The global- think tank Stockholm International Peace Research Institute (SIPRI) recently released a data that said India continues to remain the world’s largest arms importer (it took over China in 2012).
The data, which was collected during the time frame of 2011-2015, revealed that India accounts for a total of 14 percent of the global imports.
However, this also shows the country’s enduring failure to build a strong domestic Defence Industrial base (DIB).
Further, India’s arms exports jumped by nearly 90 percent between 2006-2010 and 2011-2015.
Explaining the reason behind the increase in arms import, SIPRI said, ” A major reason for the high-level of imports is that the Indian arms industry has so far largely failed to produce competitive indigenously-designed weapons.”
The report further states that India’s arms import have remained three times greater than that of China and Pakistan.
It was also noted that India’s biggest arms suppliers are Russia, the US, Israel and France.
The second in the list of global arms importers was China, who imports 4.7 percent, closely followed by Australia with 3.6 percent, Pakistan 3.3 percent, Vietnam 2.9 percent and South Korea 2.6 percent.

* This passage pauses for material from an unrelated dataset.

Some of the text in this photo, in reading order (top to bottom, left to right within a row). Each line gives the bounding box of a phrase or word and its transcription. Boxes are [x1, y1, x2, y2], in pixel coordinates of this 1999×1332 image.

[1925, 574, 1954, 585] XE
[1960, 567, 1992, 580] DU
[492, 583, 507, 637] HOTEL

Before India, China used to be the top importer, but over the decades, the country has gradually developed a stronger DIB.
Further, China has now emerged as the world’s third largest arms exporter with only the US and Russia being ahead of it.

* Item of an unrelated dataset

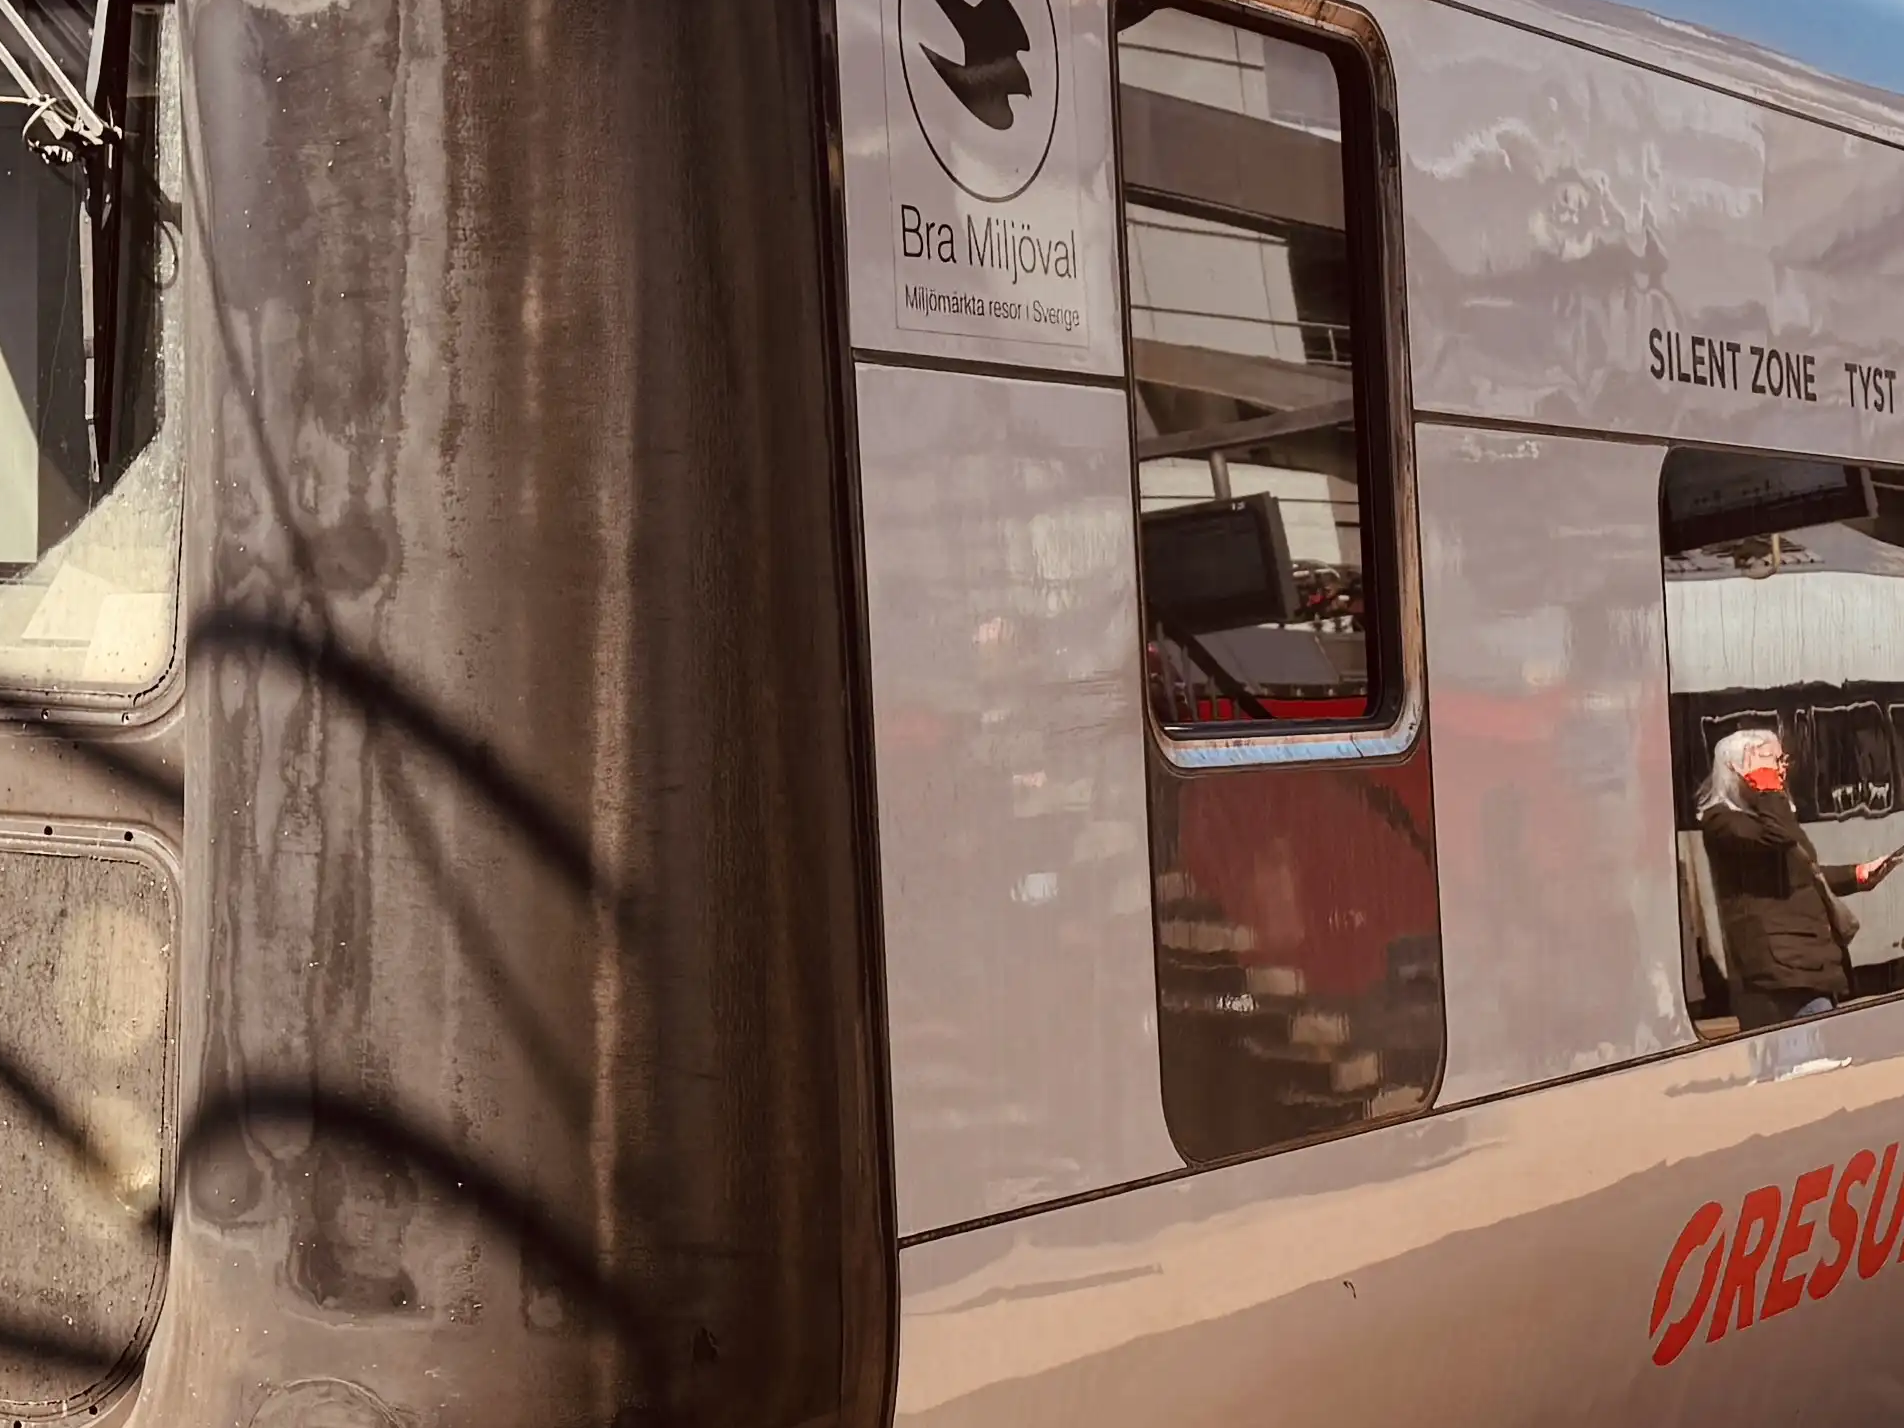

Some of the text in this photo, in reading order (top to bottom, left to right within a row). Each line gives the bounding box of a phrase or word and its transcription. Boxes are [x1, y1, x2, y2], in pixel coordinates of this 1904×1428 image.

According to a recent report, India spent over $120 billion on arms acquisitions over the past 15 years, with the majority of that amount being spent on foreign suppliers.
Further, India is expected to spend even more on arms in the coming decade.
Since Modi government came to power in May 2014, they have launched a major “Make in India” drive to improve India’s domestic and local sector, but it seems that the initiative has not translated into anything concrete when it comes to the defence sector.
Looking at the seriousness of not having a strong DIB, Defence minister Manohar Parrikar has already warned the Defence Research and Development Organisation (DRDO) and its 50 labs as well as the five defence PSUs, four shipyards and 39 ordnance factories to improve their performance in the coming time and get India at the level where they are ready to compete with the private sector in the defence production arena.
Parrikar also hopes that the new Defence Procurement Procedure (DPP) will in coming months start giving top priority to a new indigenous design, development and manufacturing (IDDM) category under “Buy Indian”, which in turn will help India’s indigenous DIB.